TASK INSTRUCTIONS —
Leave out the pictures and copy everything else in the records exactly.

DATASET ENTRIES —
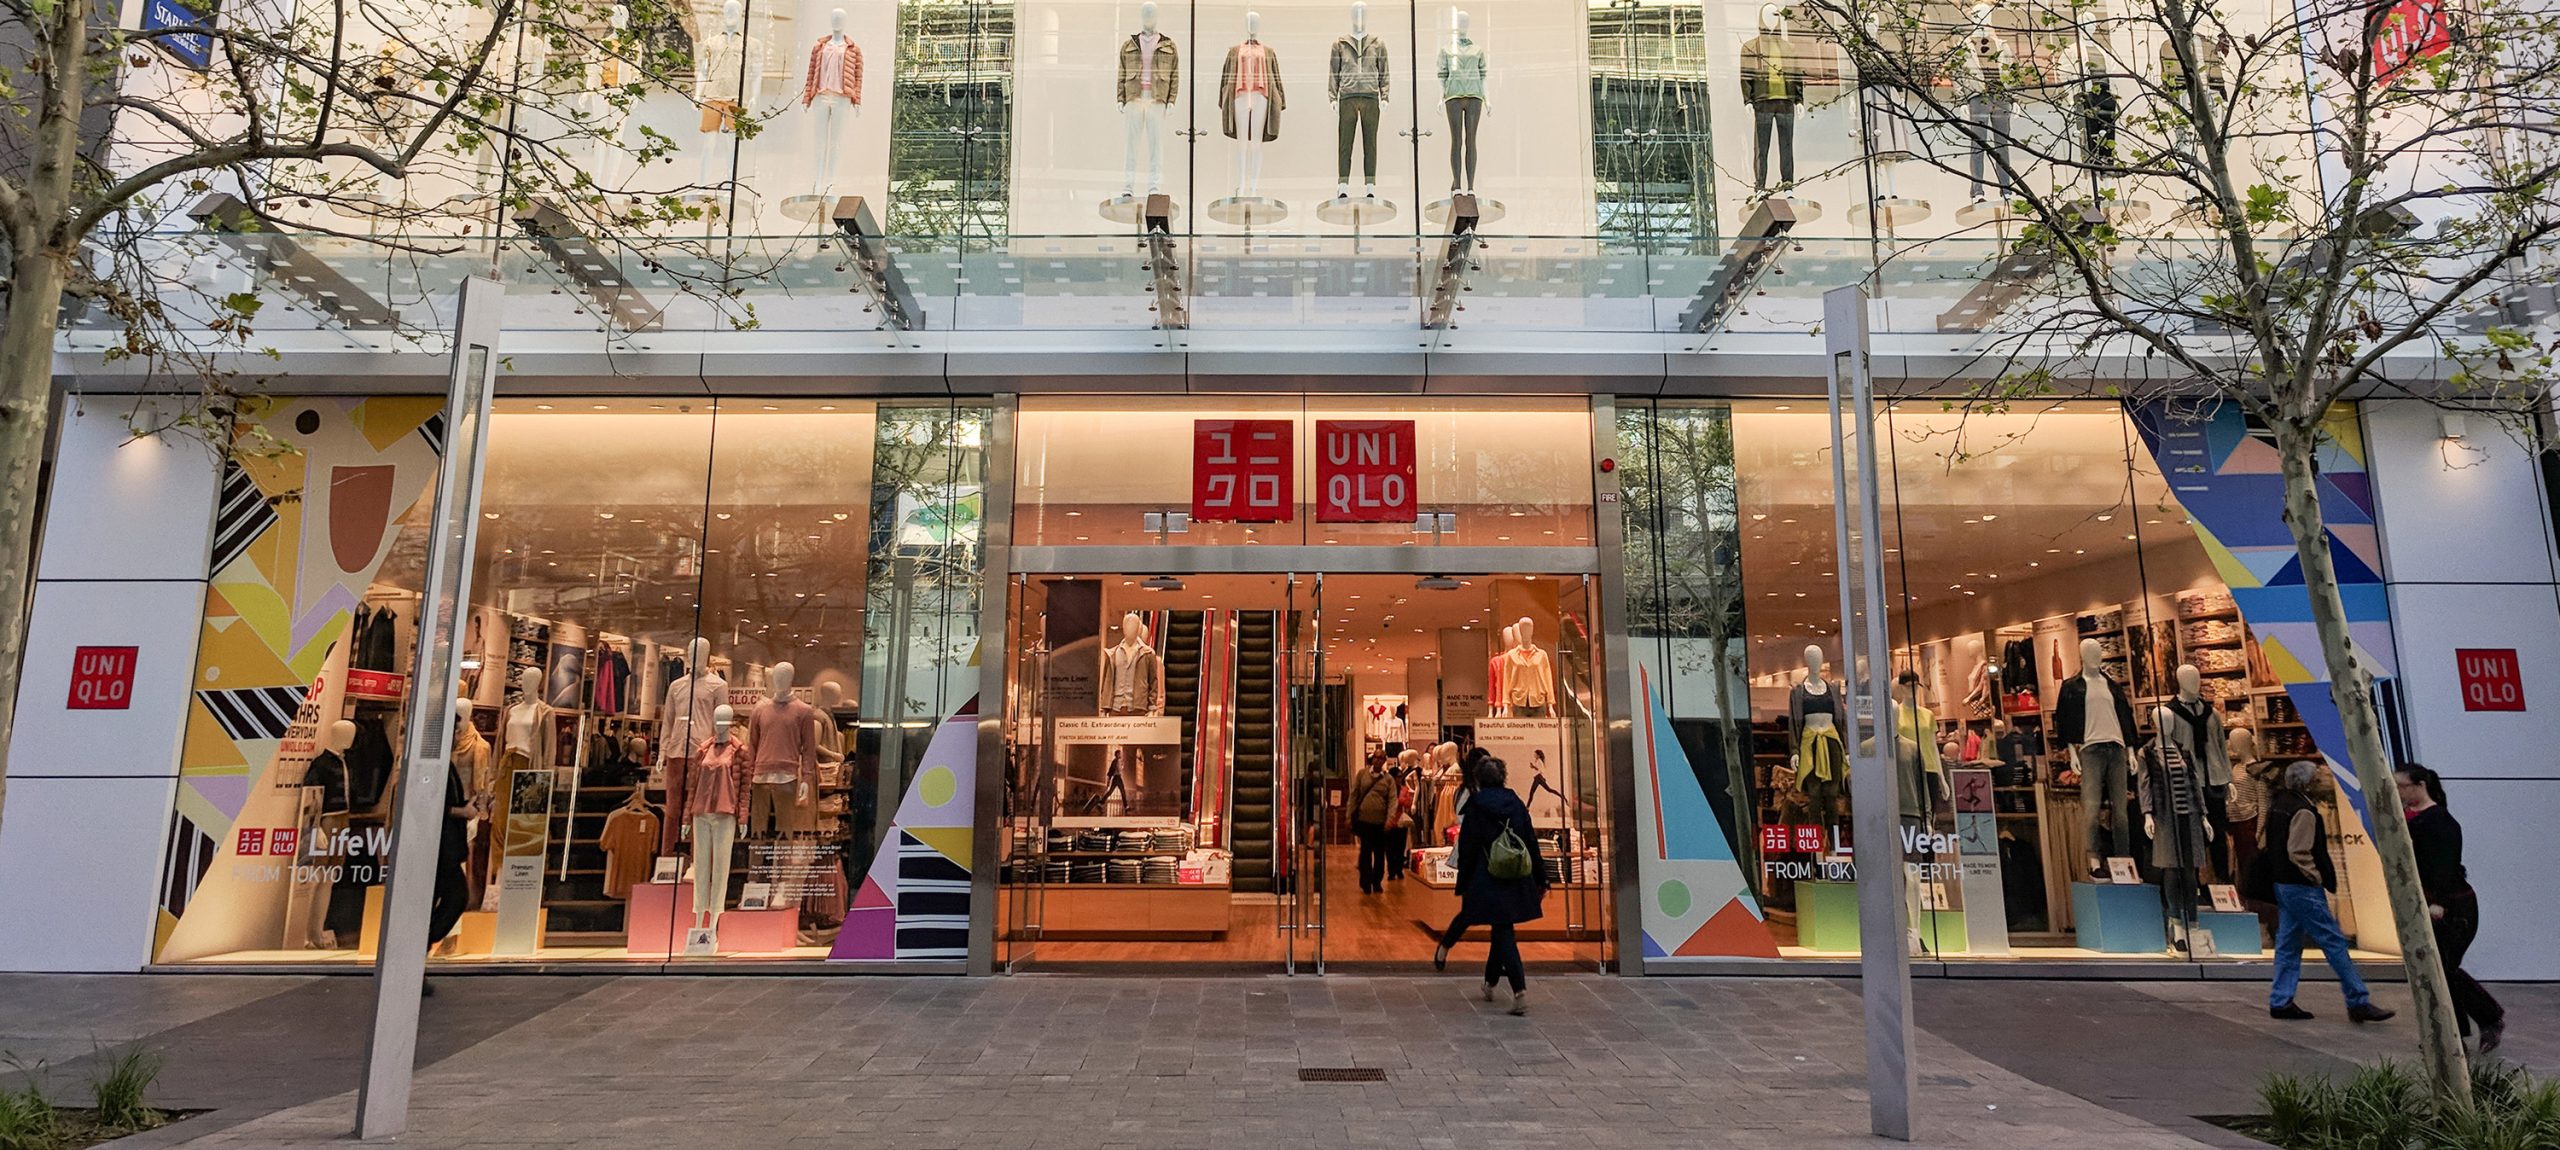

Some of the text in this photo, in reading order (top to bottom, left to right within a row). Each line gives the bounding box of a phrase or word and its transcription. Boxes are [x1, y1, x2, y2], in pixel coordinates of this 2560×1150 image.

[1208, 432, 1279, 465] ユニ
[1328, 432, 1397, 466] UNI
[1204, 474, 1279, 507] クロ
[1328, 474, 1405, 514] QLO
[81, 655, 125, 675] UNI
[2465, 657, 2508, 678] UNI
[77, 680, 125, 704] QLO
[2470, 682, 2516, 707] QLO
[275, 831, 294, 841] UNI
[308, 827, 394, 857] LifeW
[1798, 828, 1817, 838] UNI
[273, 842, 295, 853] QLO
[1799, 838, 1820, 850] QLO
[288, 865, 343, 883] TOKYO
[350, 865, 372, 883] TO
[1765, 861, 1965, 880] FROM TOKY PERTH

EXPECTED ANSWER —
Some of the text in this photo, in reading order (top to bottom, left to right within a row). Each line gives the bounding box of a phrase or word and its transcription. Boxes are [x1, y1, x2, y2], in pixel coordinates of this 2560×1150 image.

[1208, 432, 1279, 465] ユニ
[1328, 432, 1397, 466] UNI
[1204, 474, 1279, 507] クロ
[1328, 474, 1405, 514] QLO
[81, 655, 125, 675] UNI
[2465, 657, 2508, 678] UNI
[77, 680, 125, 704] QLO
[2470, 682, 2516, 707] QLO
[275, 831, 294, 841] UNI
[308, 827, 394, 857] LifeW
[1798, 828, 1817, 838] UNI
[273, 842, 295, 853] QLO
[1799, 838, 1820, 850] QLO
[288, 865, 343, 883] TOKYO
[350, 865, 372, 883] TO
[1765, 861, 1965, 880] FROM TOKY PERTH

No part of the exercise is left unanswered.